Russia’s foreign minister says Mali is turning to private Russian companies “on legal grounds” as France plans to reduce its military presence.
Mali has asked Russian private companies to increase security in the conflict-affected country.
“This is an activity carried out on a legal basis,” Lavrov told reporters at the UN General Assembly on Saturday. “We have nothing to do with it,” he added.
Earlier this week, EU foreign policy chief Josep Borrell said the bloc’s ties with Mali could have a serious impact if it allowed the controversial Wagner Group’s Russian private contractors to operate in the country.
In Mali, the dominant government of Bamako’s army is reportedly close to hiring Wagner’s 1,000 militants to help him fight militants.
France, which has deployed more than 5,000 troops in the Sahel region under its Barkhaneh mission but has promised significant troop withdrawals, has warned Mali that hiring Wagner fighters would isolate the country internationally.

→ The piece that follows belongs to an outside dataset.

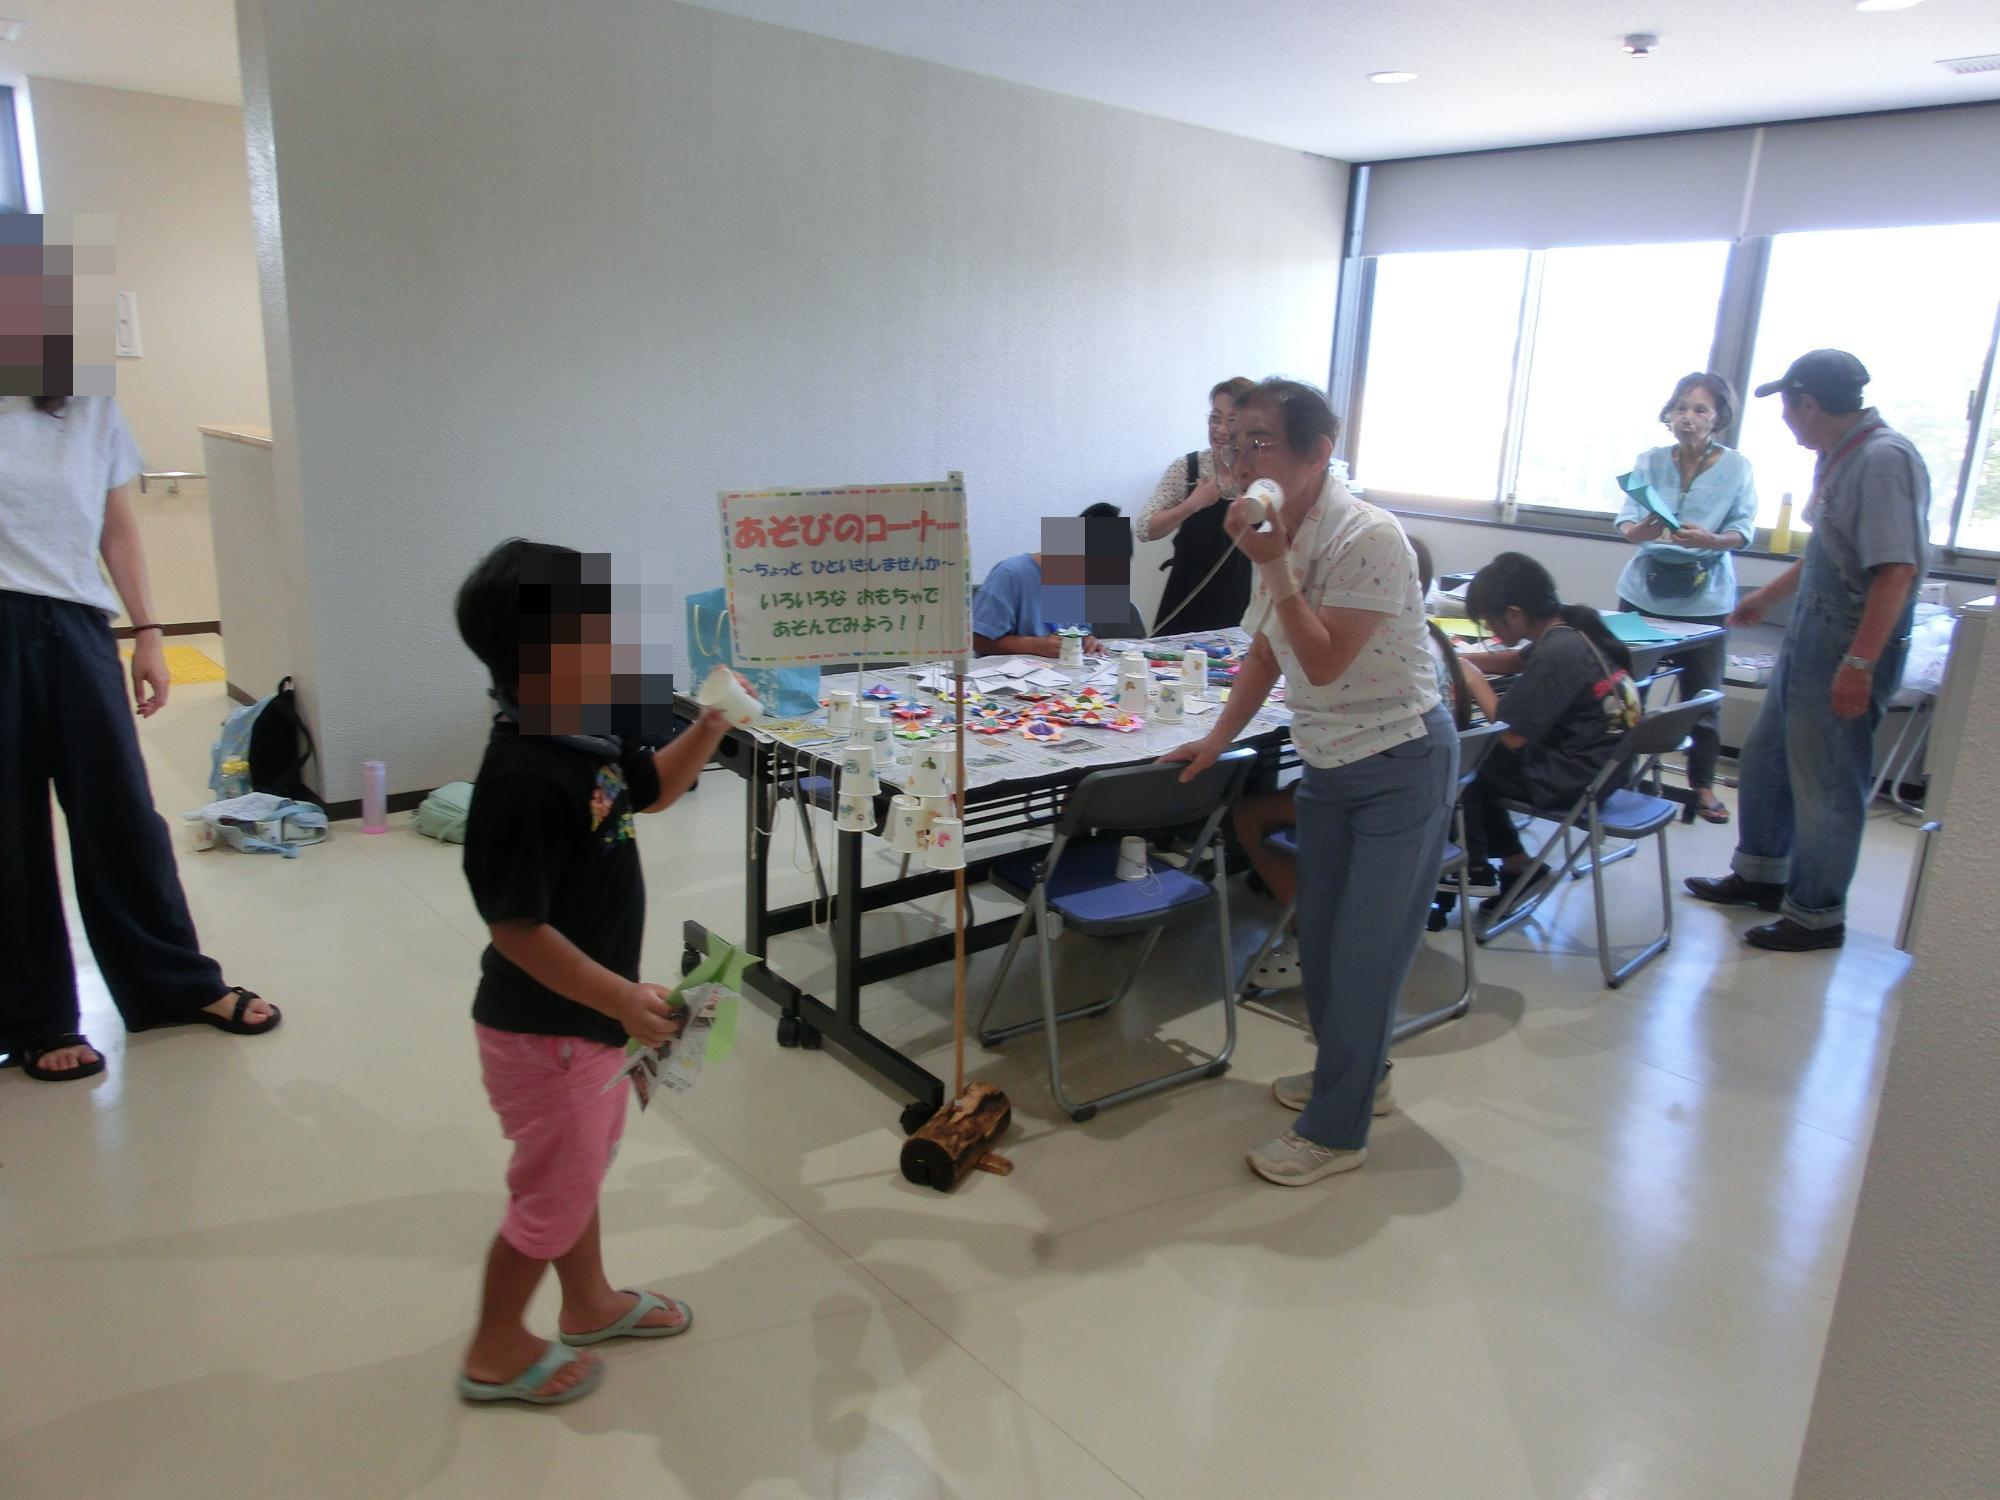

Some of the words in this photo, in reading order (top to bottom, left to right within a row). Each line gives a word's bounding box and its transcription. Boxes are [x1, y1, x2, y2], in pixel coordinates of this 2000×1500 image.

[735, 510, 960, 549] あそびのコーナー
[760, 589, 847, 610] いろいろな
[857, 586, 939, 606] おもちゃで

Western countries accuse Wagner of acting on behalf of Moscow, while denying sending mercenaries abroad.
The Russian military, private security instructors and companies have become increasingly influential in parts of Africa in recent years, particularly in the conflict-ridden Central African Republic (CAR), where the United Nations has accused Wagner contractors of abuse.

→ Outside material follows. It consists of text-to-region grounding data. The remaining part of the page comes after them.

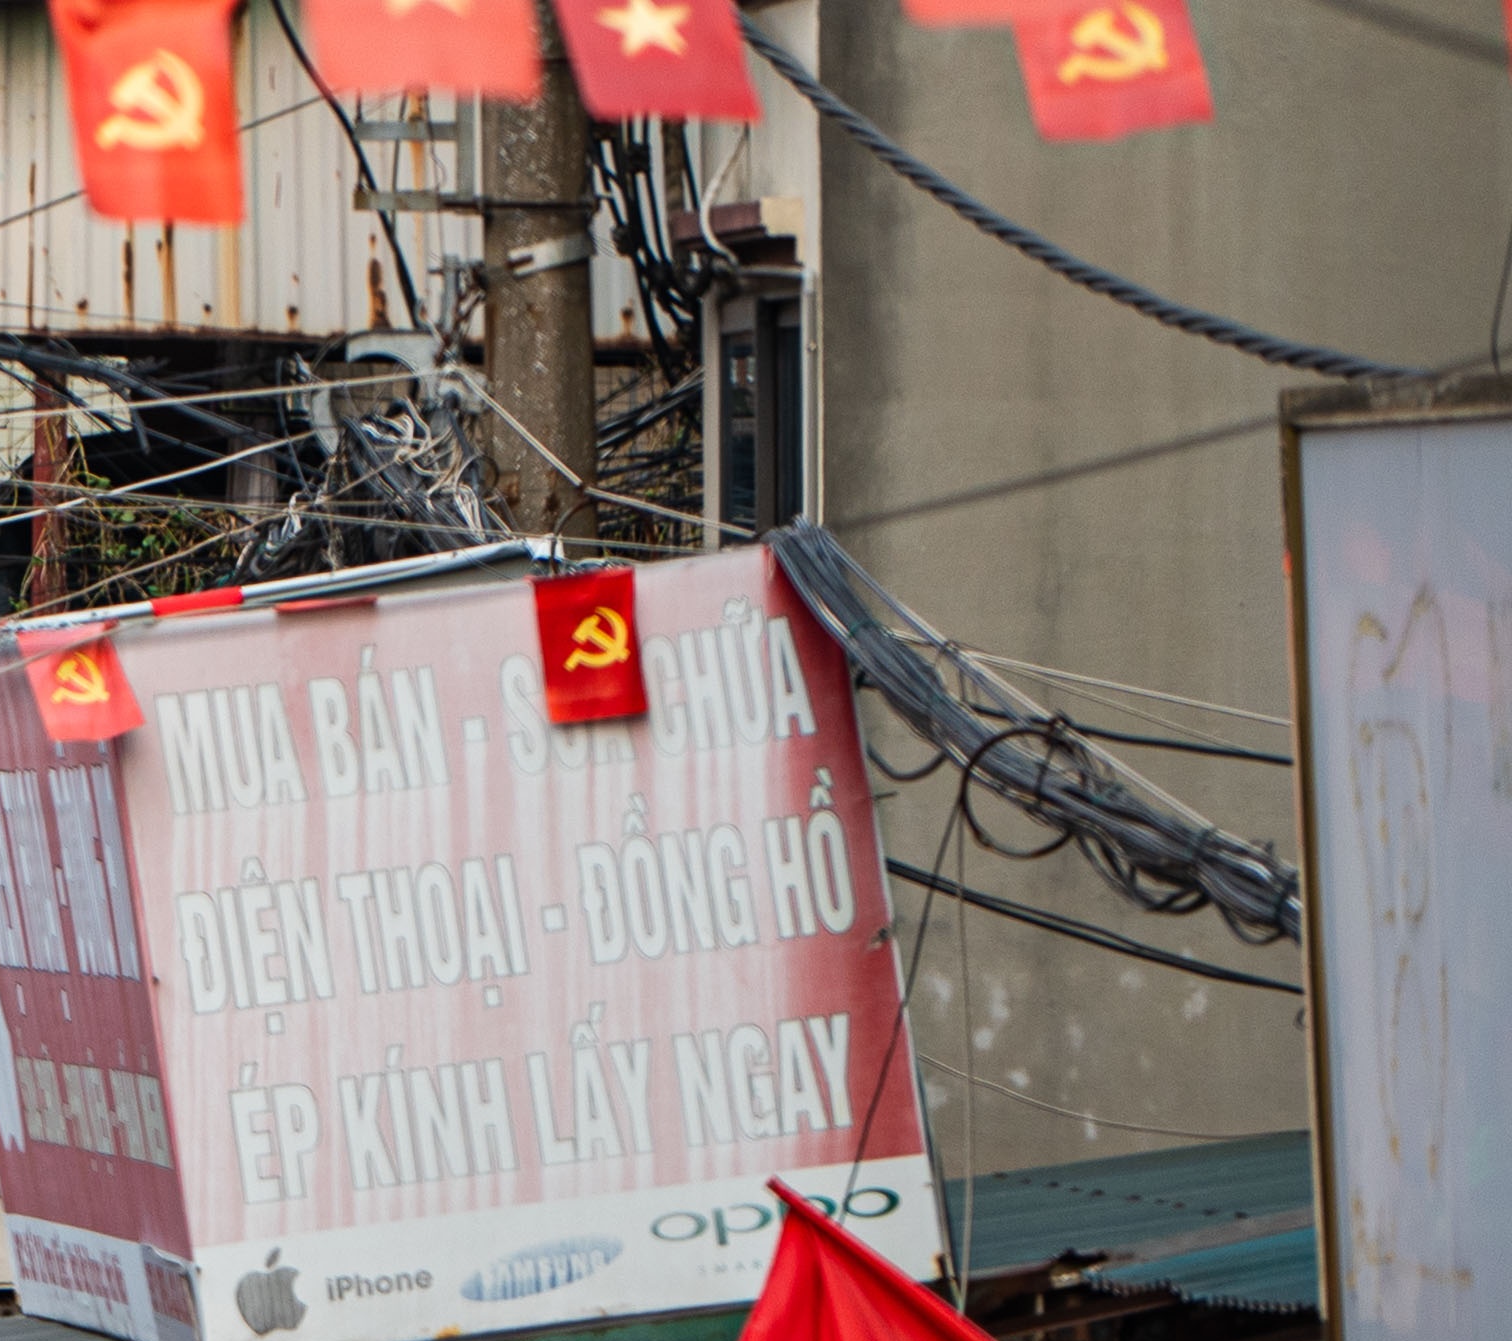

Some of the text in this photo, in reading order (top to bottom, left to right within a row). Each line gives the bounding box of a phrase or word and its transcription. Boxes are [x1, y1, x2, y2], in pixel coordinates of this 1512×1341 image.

[154, 683, 309, 815] MUA
[310, 642, 452, 798] BÁN
[650, 594, 817, 759] CHỮA
[175, 856, 336, 1037] ĐIỆN
[337, 851, 532, 1010] THOẠI
[577, 793, 759, 968] ĐỒNG
[766, 767, 860, 939] HỒ
[229, 1062, 320, 1205] ÉP
[337, 1046, 520, 1192] KÍNH
[528, 1003, 654, 1168] LẤY
[670, 1011, 855, 1149] NGAY
[325, 1263, 434, 1303] iPhone
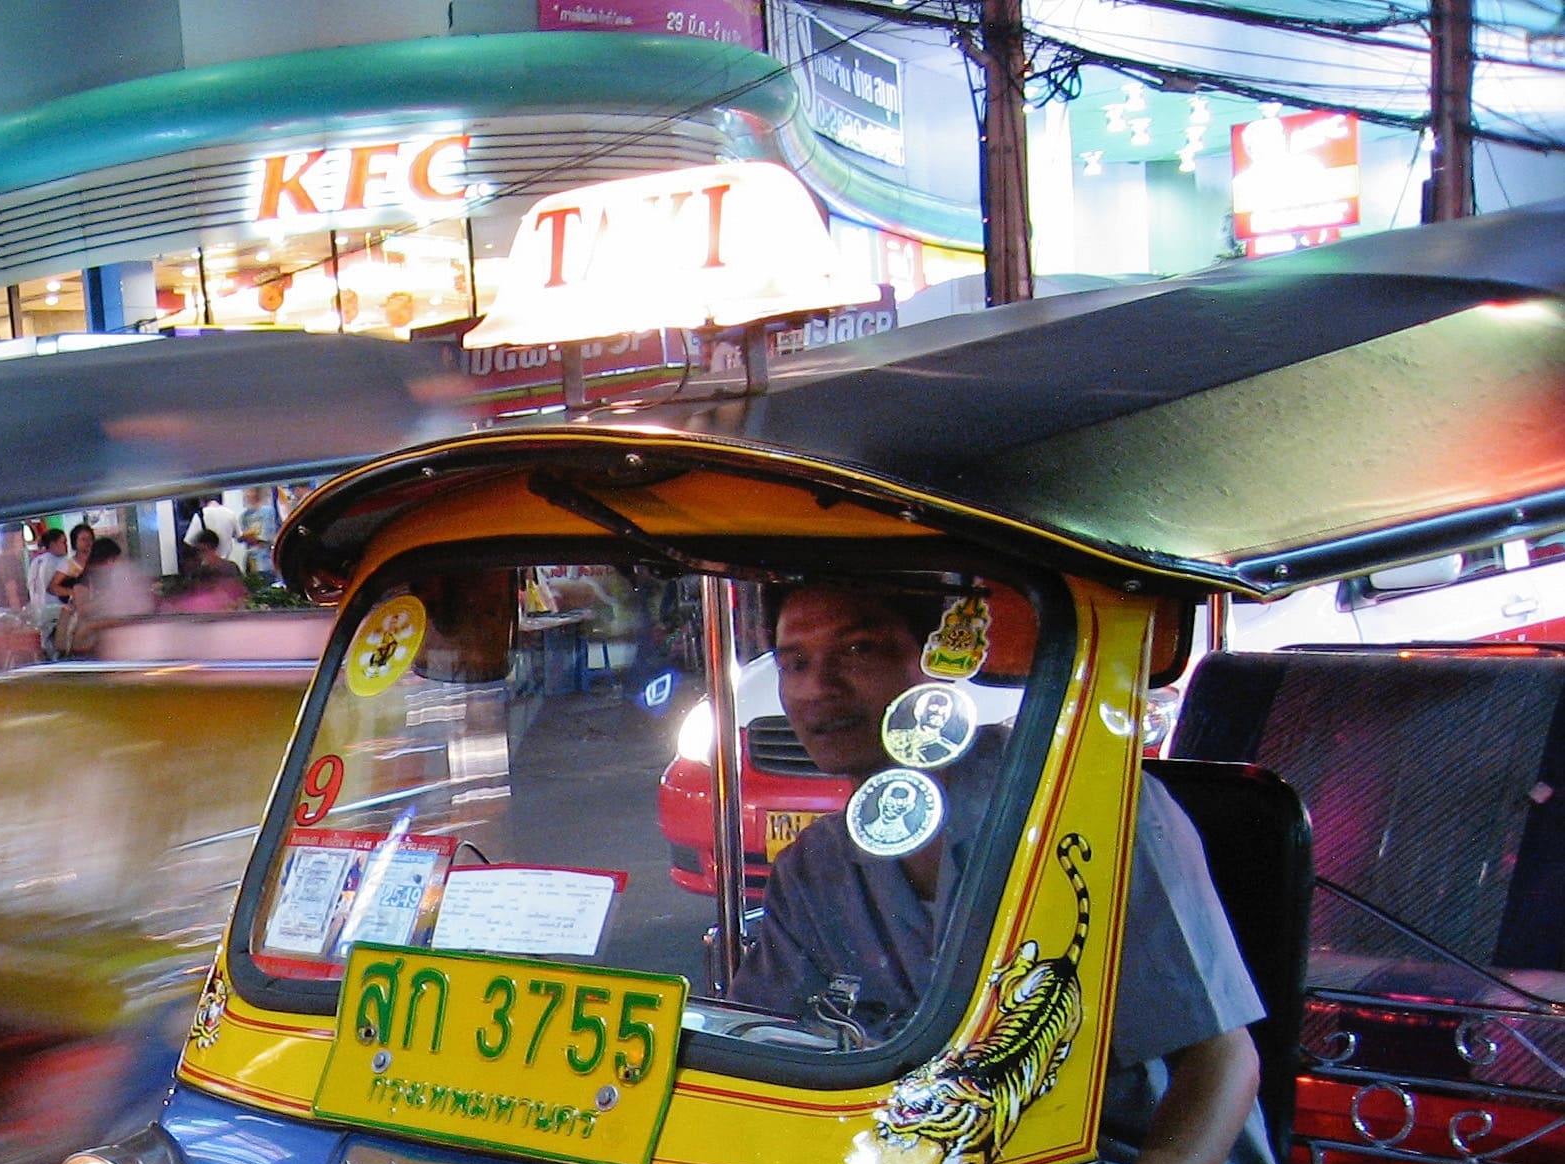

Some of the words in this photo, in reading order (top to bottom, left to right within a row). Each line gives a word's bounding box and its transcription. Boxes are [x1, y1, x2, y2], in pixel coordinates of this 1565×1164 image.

[257, 136, 471, 221] KFC
[294, 754, 344, 826] 9
[356, 957, 450, 1055] สก
[475, 974, 664, 1086] 3755

Moscow admits to having “instructors” in the CAR, but says they are not active in combat. Russia insists there are no paramilitaries in Libya, despite claims to the West.
In separate comments on Afghanistan, Lavrov says international recognition of Taliban is not currently under discussion
His remarks came after a group that came to power last month nominated a UN envoy to fight for Afghanistan’s seat on the world body.
“The issue of international recognition of the Taliban is not on the agenda at the moment,” Lavrov told reporters.